In its developer notes on user privacy and data use, Apple makes it explicitly clear that apps need to receive a user’s permission through its proprietary AppTrackingTransparency framework for any user tracking.
In other words, if developers want to do in-app tracking on iOS 14 devices, they have to get permission through Apple’s own consent mechanism or they’re out of luck.
Apple added that titbit to its dev notes in late September. Beeswax CEO and co-founder Ari Paparo called out the update on Twitter last week.
Hashed emails cannot replace IDFA without explicit opt-in, per Apple’s FAQ: https://t.co/07H4XqeiMg pic.twitter.com/GTskbRk4wk
— Ari Paparo (@aripap) October 14, 2020
Colin O’Malley, co-founder of Lucid Privacy Group, a privacy consultancy, and co-founder of Evidon noted on Twitter that although this would be difficult to enforce, a privacy advocate could easily document that type of activity and turn it over to Apple.
Any data collected separately, outside of the app and not related to the app is not in the scope of Apple’s framework.
But what does all this mean for data onboarding companies, such as LiveRamp, and companies toiling away on third-party cookie alternatives, including The Trade Desk?
Scale fail
It’s not a novel idea that companies need specific permission to use data for multiple purposes. It’s a notion enshrined in GDPR, for example.

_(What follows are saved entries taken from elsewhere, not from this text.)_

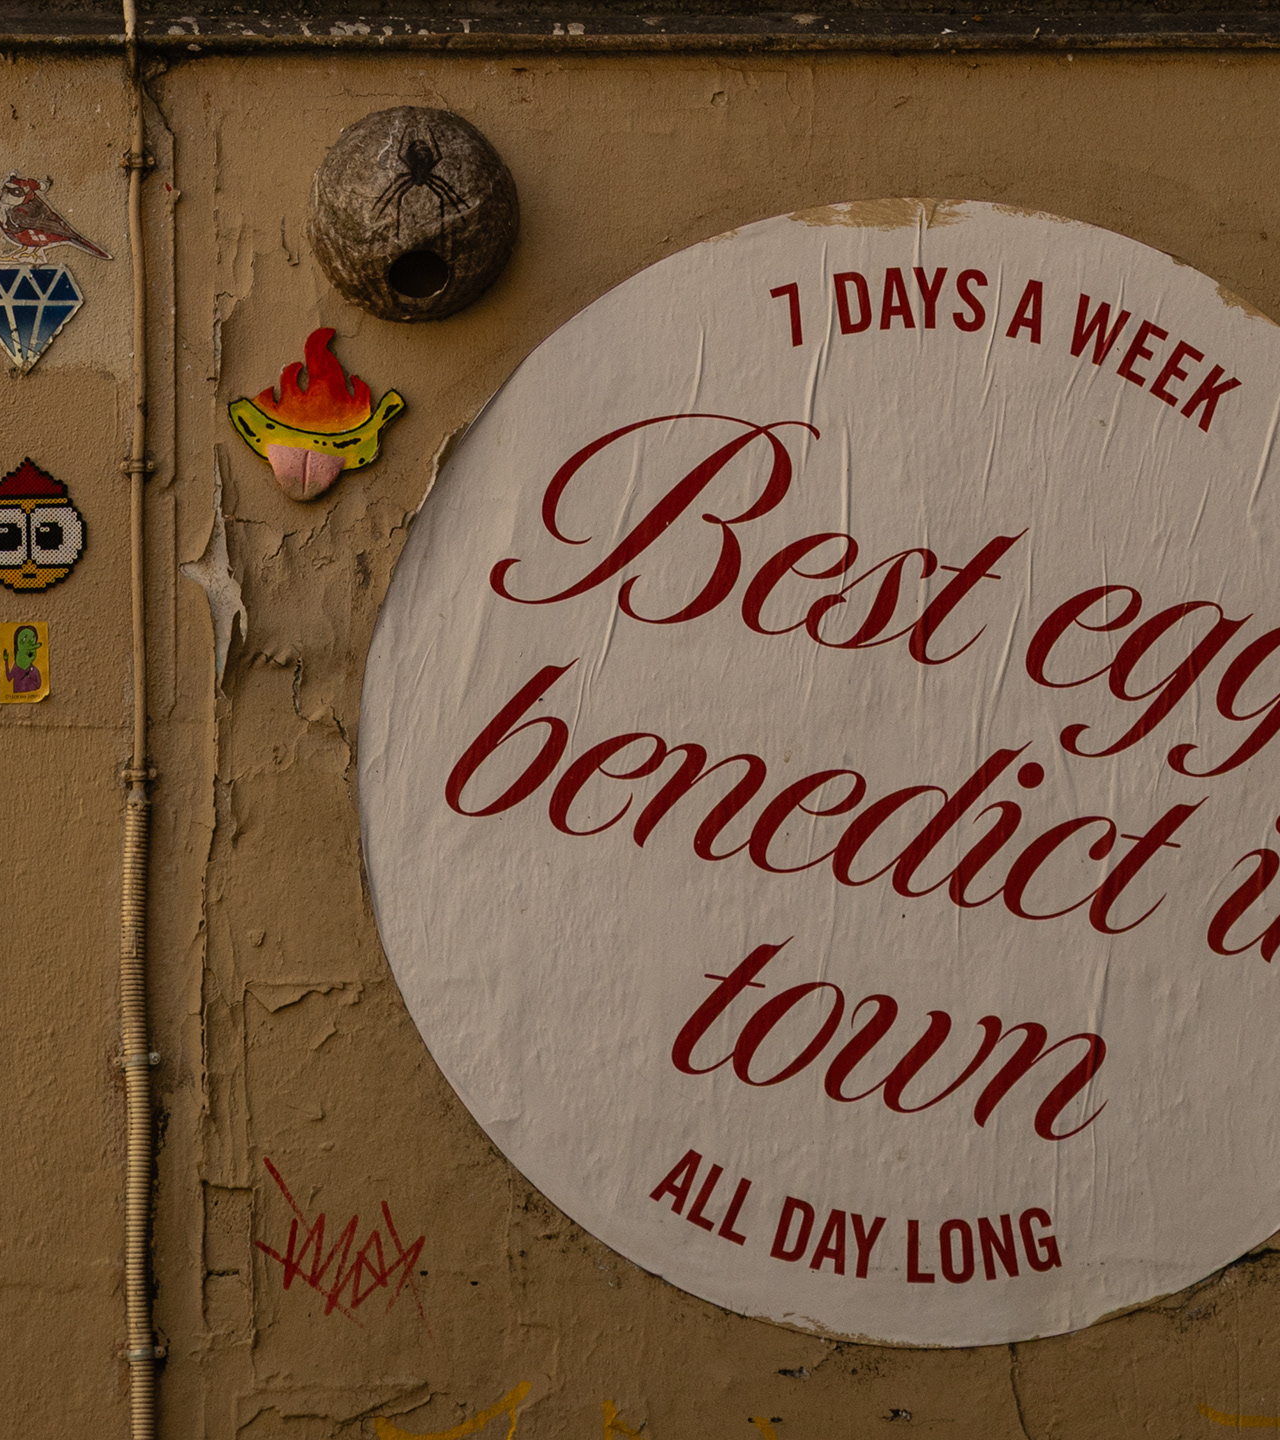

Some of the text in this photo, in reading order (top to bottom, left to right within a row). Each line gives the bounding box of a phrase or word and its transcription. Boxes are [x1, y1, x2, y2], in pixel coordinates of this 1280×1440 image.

[769, 266, 1243, 433] 7 DAYS A WEEK
[489, 413, 1029, 666] Best
[444, 658, 1208, 935] benedict
[671, 936, 1108, 1141] town
[649, 1149, 1063, 1284] ALL DAY LONG

But Apple appears to be saying that even if a company has permission to use a person’s hashed email address or some other related hashed ID for app tracking – collected, perhaps, during the onboarding process after download – Apple will not allow it to be used for that purpose on iOS 14 unless permission is given directly through the Apple framework.

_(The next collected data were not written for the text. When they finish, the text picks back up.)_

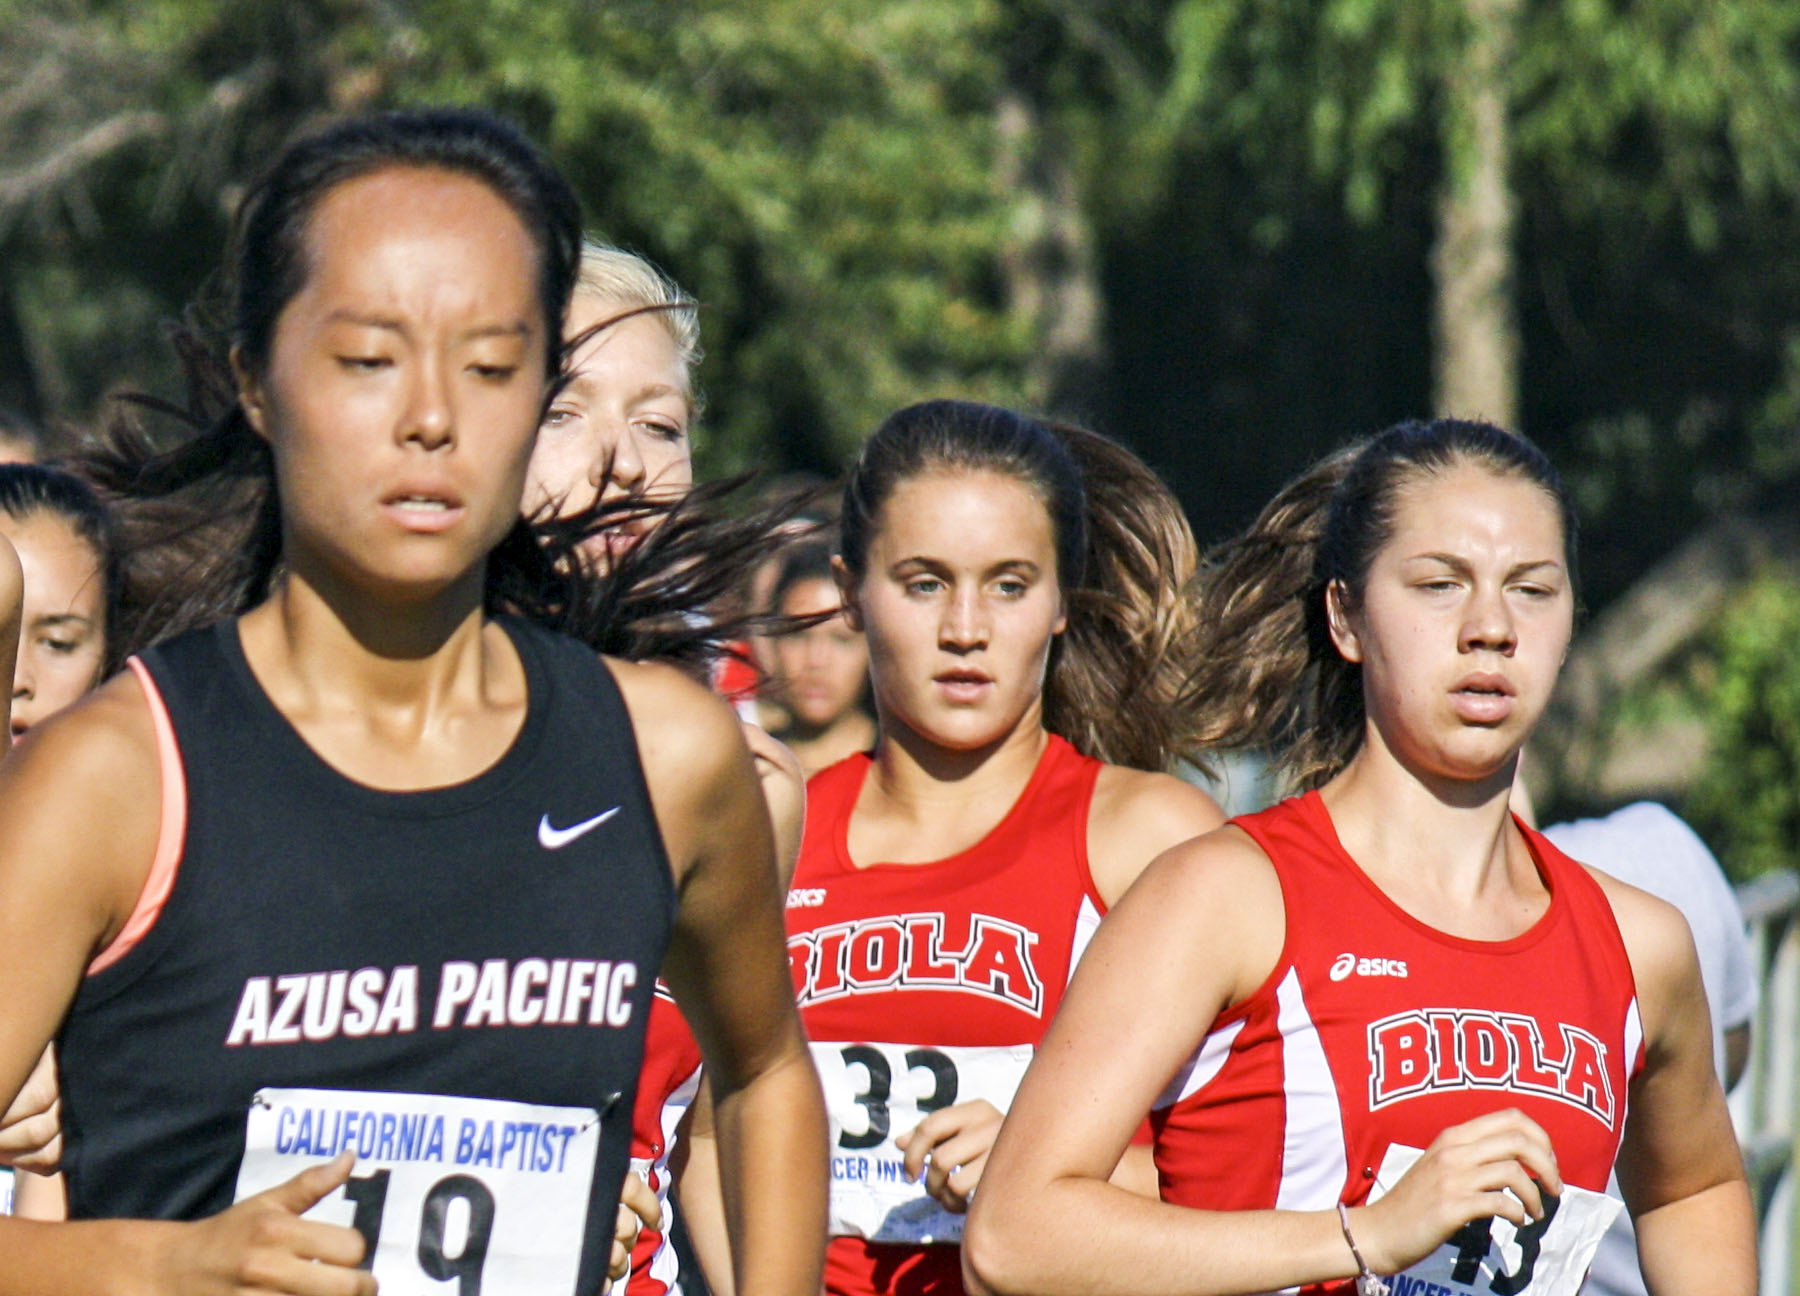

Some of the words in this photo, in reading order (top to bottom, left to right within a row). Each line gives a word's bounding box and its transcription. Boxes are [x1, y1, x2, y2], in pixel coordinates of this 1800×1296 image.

[224, 964, 419, 1047] AZUSA
[431, 956, 638, 1031] PACIFIC
[1356, 957, 1408, 978] asics
[838, 1044, 959, 1150] 33
[1366, 1007, 1615, 1132] BIOLA
[275, 1106, 445, 1162] CALIFORNIA
[455, 1117, 576, 1173] BAPTIST

And that could have a big impact on the scalability of cookieless solutions that rely on email.
“It seems to mean that the user will have to both provide their email to the app and give consent for using that email in a third-party manner,” Paparo said, “which will certainly reduce the scale of those solutions.”

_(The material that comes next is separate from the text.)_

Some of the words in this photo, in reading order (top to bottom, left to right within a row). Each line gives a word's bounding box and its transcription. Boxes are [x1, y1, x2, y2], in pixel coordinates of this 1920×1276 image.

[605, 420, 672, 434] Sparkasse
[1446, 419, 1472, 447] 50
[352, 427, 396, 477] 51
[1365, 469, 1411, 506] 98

It’s far from game over for ID resolution and post-addressability solutions, but there will be some impact, and a definite challenge on the road to adoption and ubiquity.
“If you get into the weeds on this document, there is enough gray area for a company to squeak out an argument for its special blend of privacy and consumer-first encryption and data workflow,” said Steve Francolla, head of partnerships at Permutive. “[But] at the end of the day, the intent of Apple’s policy is clear – without a new generation of technology, this leaves marketers without intelligent access to that iPhone audience outside of the walled gardens.”
Industry response
Be that as it may, LiveRamp plans to keep on maintaining a consented IDFA graph and continue rolling out its Authenticated Traffic Solution (ATS), a product that allows publishers to match consented user data with a LiveRamp ID without the need for third-party cookies.
ATS doesn’t require access to device advertising identifiers such as the IDFA in order to function, said Travis Clinger, SVP of addressability and ecosystem at LiveRamp.
“Rather, [its] intended use is connecting publisher first-party customer data, not app-collected data,” Clinger said. “As such, ATS enables a consumer-publisher relationship beyond the app – [and] email addresses shared with a publisher, with appropriate notice and choice, can be activated independently of the AppTrackingTransparency framework.”
For its part, The Trade Desk is planning to carry on building its Unified ID 2.0 based on the IAB Tech Lab’s Project Rearc principles as an open source solution for the web.
A Trade Desk spokesperson told AdExchanger that industry collaboration will remain the focus between now and when the UID 2.0 go-live date gets closer, which should be at some point next year.